Most recruiters and seasoned health care executives use prior track record as a predictor of success in the selection of physician executives. In the absence of a prior track record, other criteria have to be used to evaluate the novice physician executive. We believe that the following 10 criteria can be used to provide evidence in support of such a physician's candidacy for a management position:

* Clinical skills * People skills * Leadership skills * Preparation toward being a physician executive * Communication skills * Facilitation skills * Business acumen * Embracement of change * Values * Team orientation

* Clinical skills. Having never seen the physician perform as an executive, the medical staff will immediately judge competence by the level of the candidate's clinical proficiency. Almost all physician executives are board certified in their medical specialties. If the candidate does not pass the clinical skills test, there is no need to evaluate him or her under the other criteria. The candidate should be eliminated.

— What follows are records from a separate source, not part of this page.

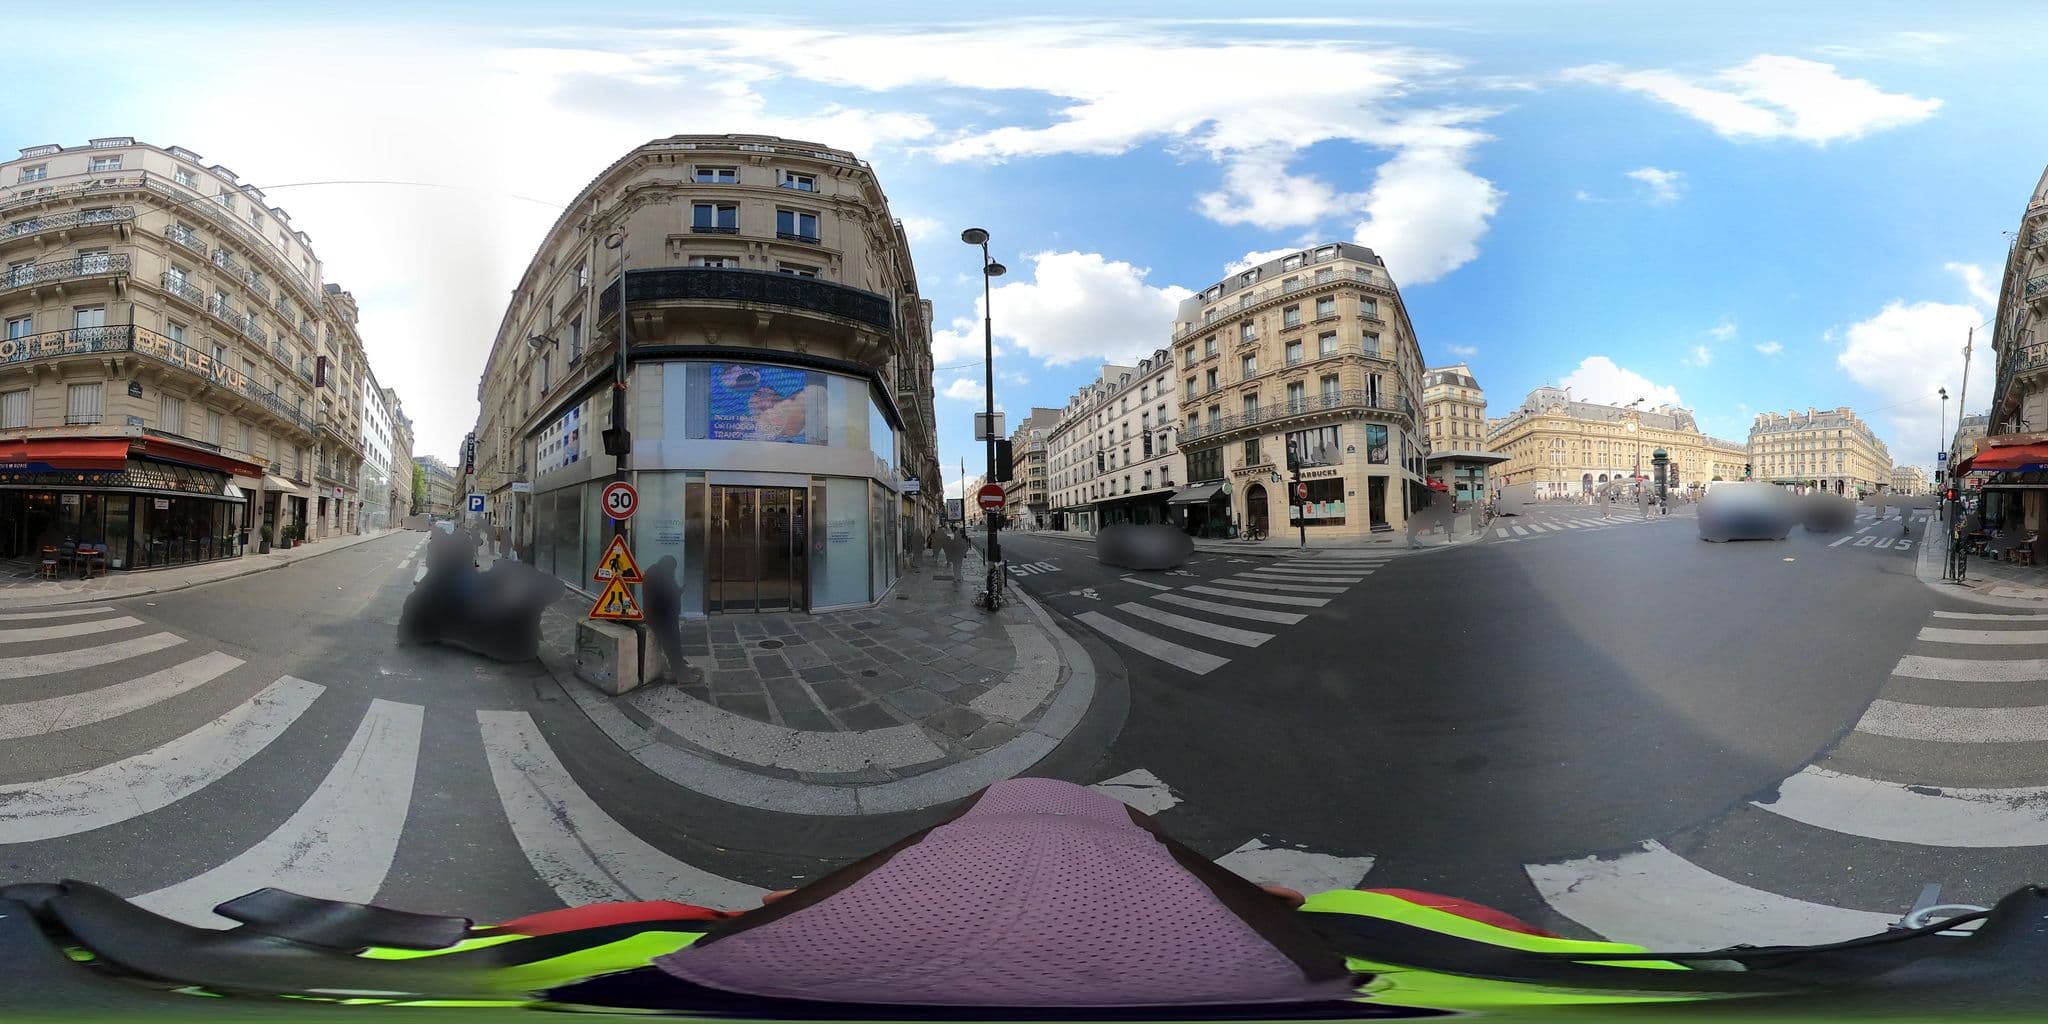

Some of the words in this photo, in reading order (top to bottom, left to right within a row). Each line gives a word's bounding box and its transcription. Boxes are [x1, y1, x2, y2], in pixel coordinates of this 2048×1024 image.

[136, 326, 247, 389] BELLEVUE
[1296, 469, 1337, 478] ARBUCKS
[471, 498, 482, 510] P
[610, 492, 632, 508] 30
[1852, 535, 1913, 550] BUS
[1007, 561, 1062, 576] BUS

* People skills. Successful physician executives must be able to deal with all levels of people in an organization. A physician executive must be able to relate to and show interest in employees other than physicians. The physician executive must also relate to the board and to people outside the organization. An arrogant attitude will not lead to a successful career as a physician executive. Look for employment stability in employees who worked for the clinician and relationships with nurses as a way to judge the candidate's people skills.

* Leadership skills. The physician should have held elected positions on the medical staff, rising to president at some point. One can also look for election to leadership positions in civic organizations, the PTA, or a church. We do not add the term visionary to the leadership criteria. While it probably does not hurt for the physician executive to be a visionary, the CEO of the organization usually supplies the vision.

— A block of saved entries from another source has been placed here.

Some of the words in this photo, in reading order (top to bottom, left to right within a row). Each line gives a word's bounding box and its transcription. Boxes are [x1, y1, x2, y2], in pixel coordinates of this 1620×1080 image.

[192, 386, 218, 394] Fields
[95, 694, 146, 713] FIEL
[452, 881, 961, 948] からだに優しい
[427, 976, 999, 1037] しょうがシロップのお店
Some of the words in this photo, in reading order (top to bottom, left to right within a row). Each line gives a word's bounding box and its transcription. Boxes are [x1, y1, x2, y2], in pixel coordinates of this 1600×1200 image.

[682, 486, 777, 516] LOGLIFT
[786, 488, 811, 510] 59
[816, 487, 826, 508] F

* Preparation toward being a physician executive. The candidate should have thought long and hard about the career change. Indications of preparation are attendance at ACPE courses or obtaining an MBA or other advanced management degree. One of the problems with physicians is that many of them are getting "burned out" in clinical practice and choose to present themselves as physician executives as an alternative. These candidates rarely make good physician executives. They are running away from something as opposed to running toward something. Being a physician executive will require at least as many hours as clinical practice, and probably more. One should pursue a career as a physician executive for the right reasons.

* Communication skills. Many physicians have poor writing skills. Their writing, if you can read it, is often too wordy and wandering. It needs to be concise. If a physician has spent extra time to develop computer skills, this is a plus. It means he or she can type (an essential skill for e-mail) and may understand or may have acquired visual communication skills from computer programs such as "Power Point" or "Harvard Graphics." Oral skills can be evaluated during the interview. Are the answers to questions too long, too short, or rambling? Did the candidate make the point?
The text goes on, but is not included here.